**WHAT YOU NEED TO DO**
The records that follow need to be output exactly as they are.

(Data entries)
════════════════════

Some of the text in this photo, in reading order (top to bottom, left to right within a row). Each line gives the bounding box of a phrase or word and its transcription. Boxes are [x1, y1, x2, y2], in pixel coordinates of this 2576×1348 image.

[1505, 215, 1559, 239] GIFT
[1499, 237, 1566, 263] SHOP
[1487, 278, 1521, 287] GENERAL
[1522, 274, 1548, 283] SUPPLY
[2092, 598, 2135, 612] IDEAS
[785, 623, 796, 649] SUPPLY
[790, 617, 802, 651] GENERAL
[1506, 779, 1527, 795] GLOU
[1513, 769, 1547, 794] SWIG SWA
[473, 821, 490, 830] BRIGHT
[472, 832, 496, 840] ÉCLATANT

════════════════════

**YOUR SOLUTION**
Some of the text in this photo, in reading order (top to bottom, left to right within a row). Each line gives the bounding box of a phrase or word and its transcription. Boxes are [x1, y1, x2, y2], in pixel coordinates of this 2576×1348 image.

[1505, 215, 1559, 239] GIFT
[1499, 237, 1566, 263] SHOP
[1487, 278, 1521, 287] GENERAL
[1522, 274, 1548, 283] SUPPLY
[2092, 598, 2135, 612] IDEAS
[785, 623, 796, 649] SUPPLY
[790, 617, 802, 651] GENERAL
[1506, 779, 1527, 795] GLOU
[1513, 769, 1547, 794] SWIG SWA
[473, 821, 490, 830] BRIGHT
[472, 832, 496, 840] ÉCLATANT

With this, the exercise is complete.